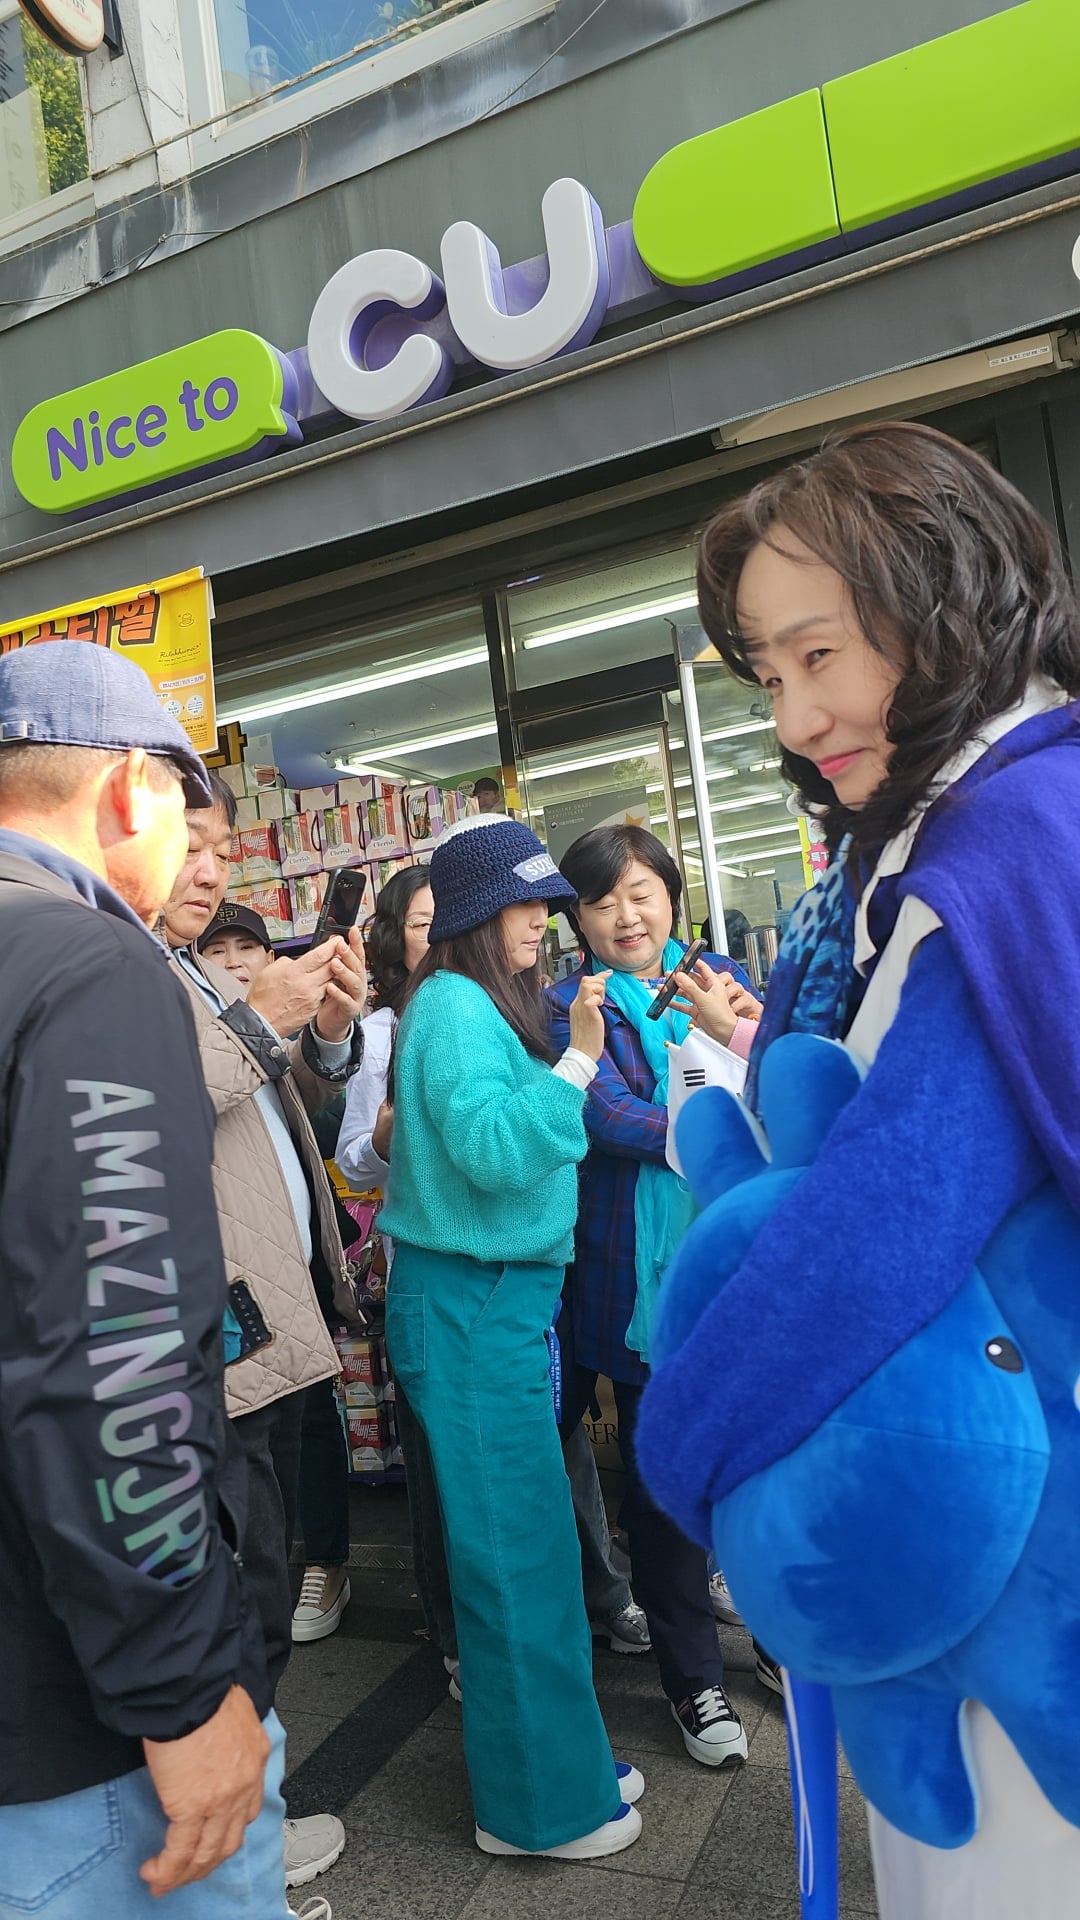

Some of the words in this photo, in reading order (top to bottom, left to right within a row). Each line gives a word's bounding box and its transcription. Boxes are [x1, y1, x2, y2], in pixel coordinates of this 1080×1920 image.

[307, 177, 604, 421] CU
[46, 403, 168, 481] Nice
[179, 376, 239, 433] to
[373, 839, 395, 848] Cherish
[330, 848, 352, 857] Cherish
[289, 856, 311, 865] Cherish
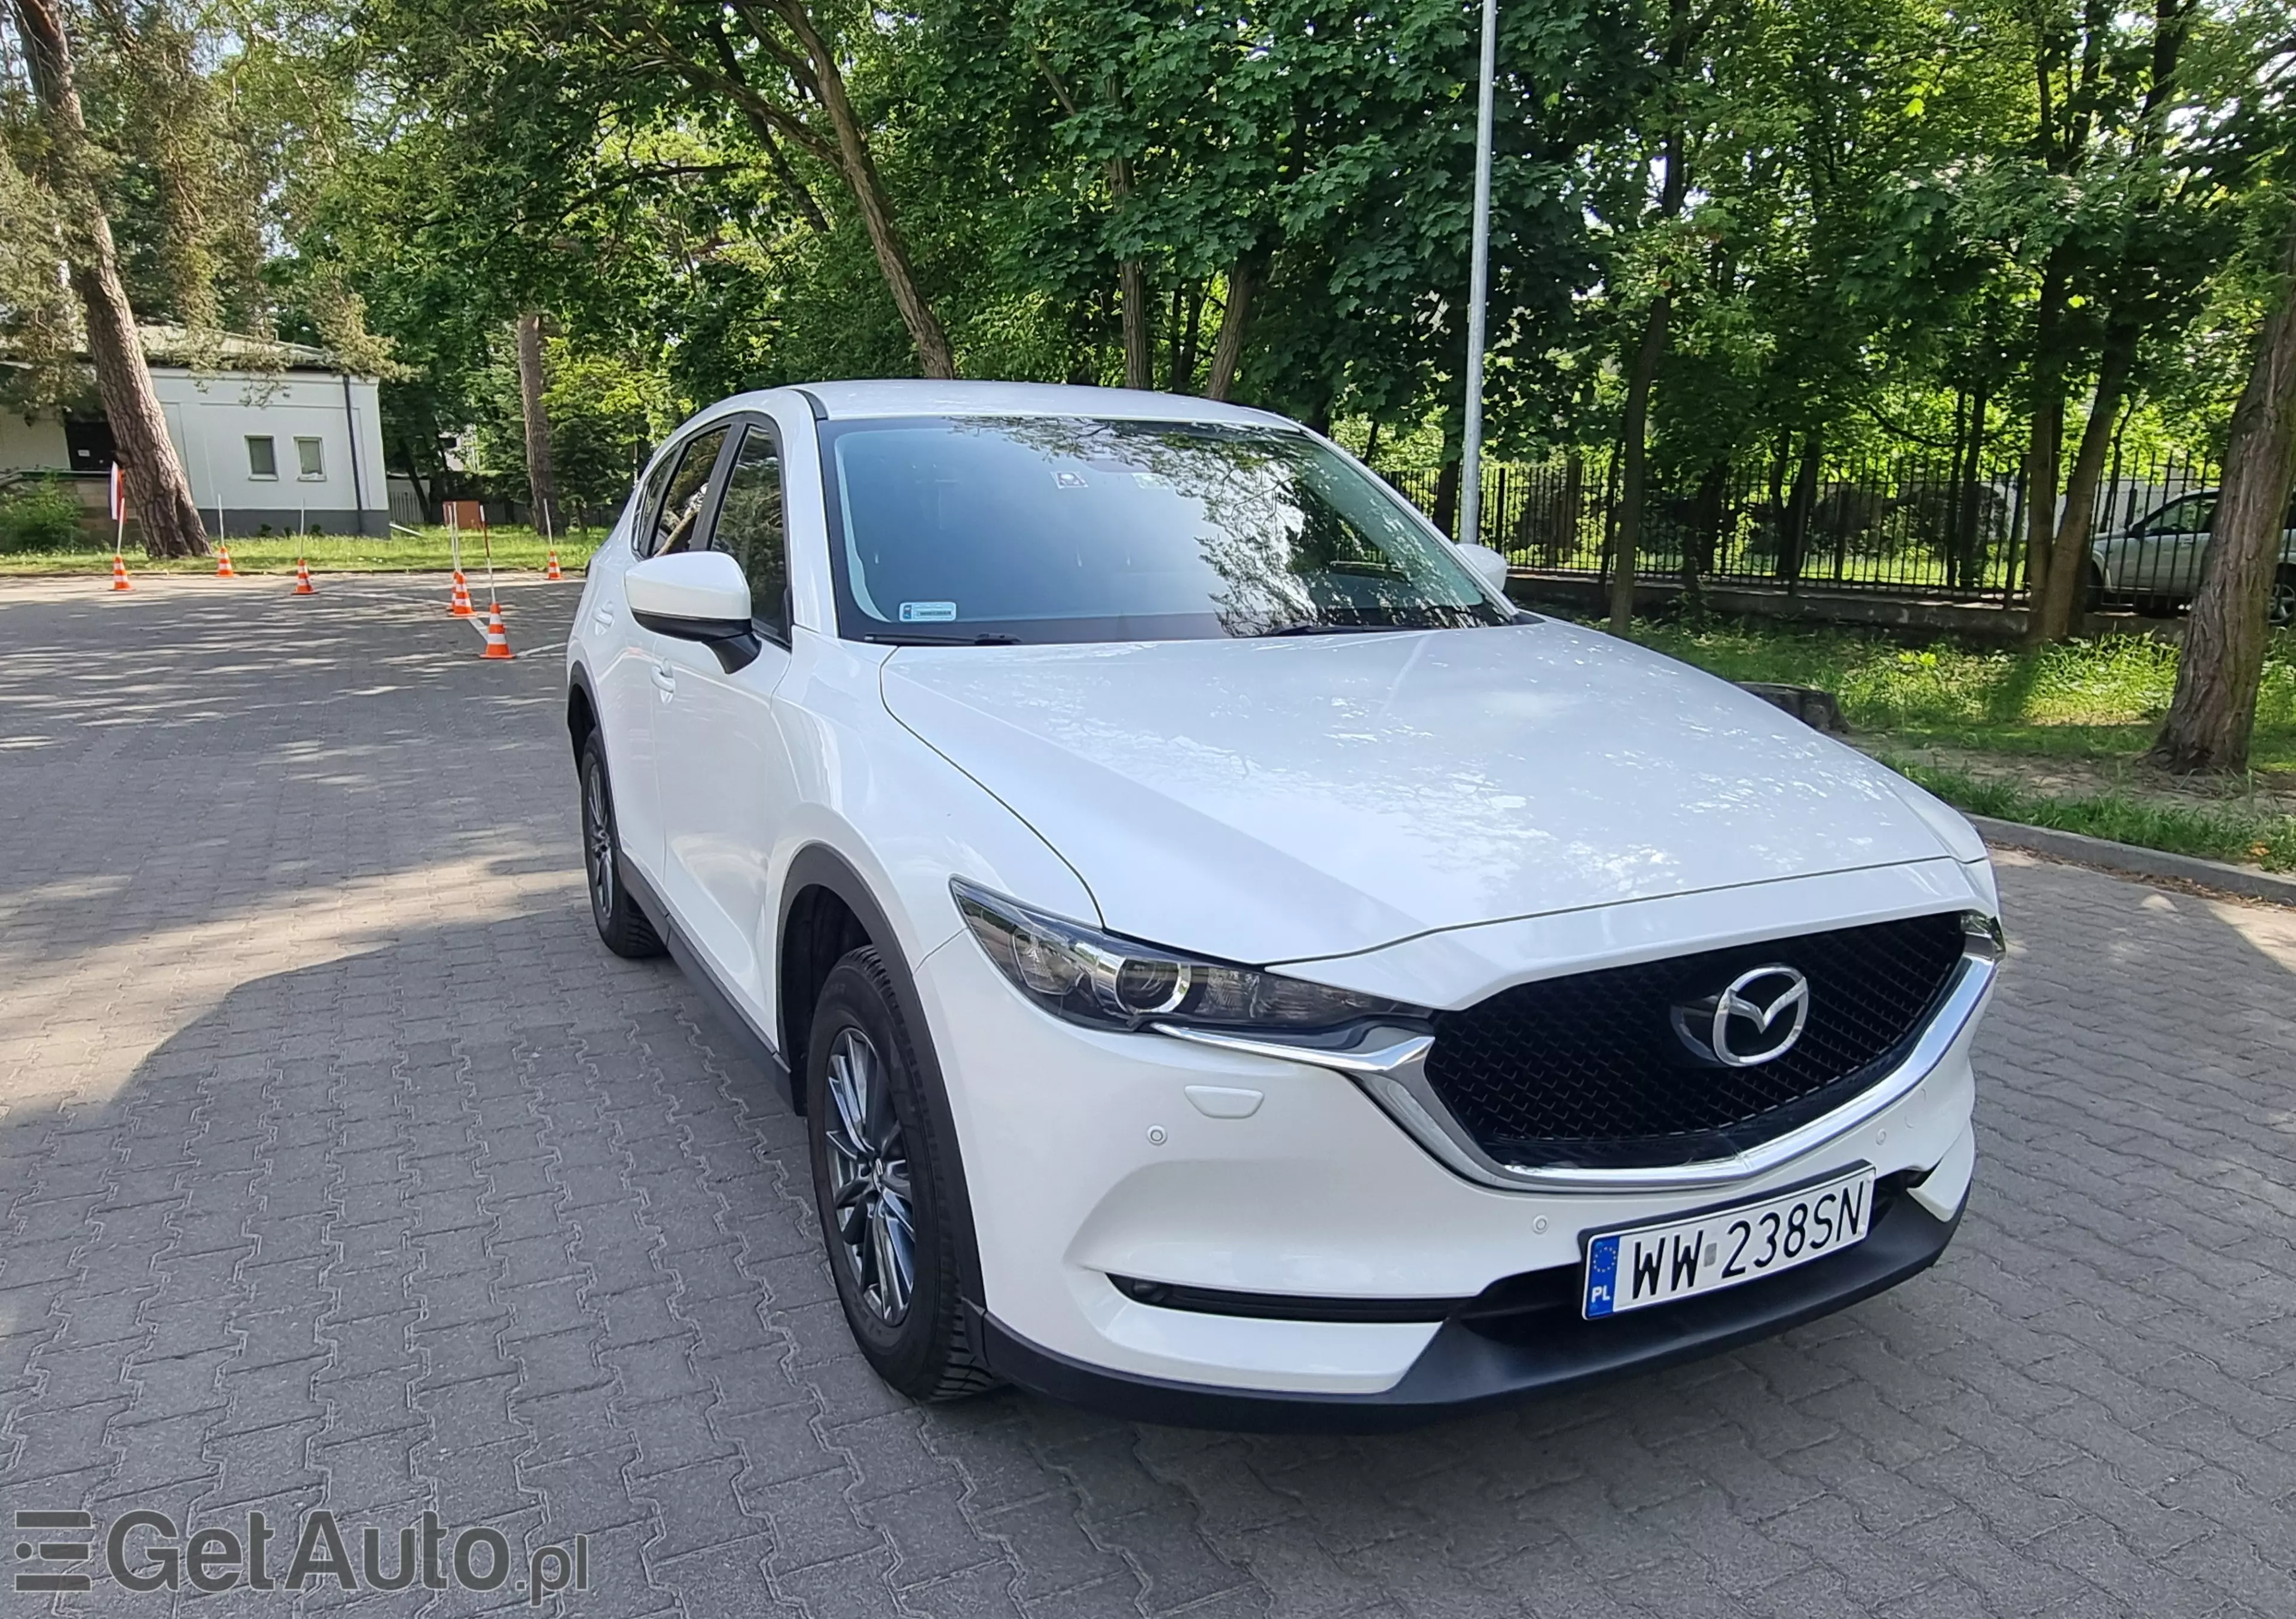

——————————

Task statement:
Every record above must be copied exactly, and no picture may appear in the copy.

Your solution:
Some of the words in this photo, in reading order (top to bottom, left to right within a row). Each line gives a word's bounding box and its transcription. Boxes are [x1, y1, x2, y2], in pixel coordinates of this 1080×1920 image.

[307, 177, 604, 421] CU
[46, 403, 168, 481] Nice
[179, 376, 239, 433] to
[373, 839, 395, 848] Cherish
[330, 848, 352, 857] Cherish
[289, 856, 311, 865] Cherish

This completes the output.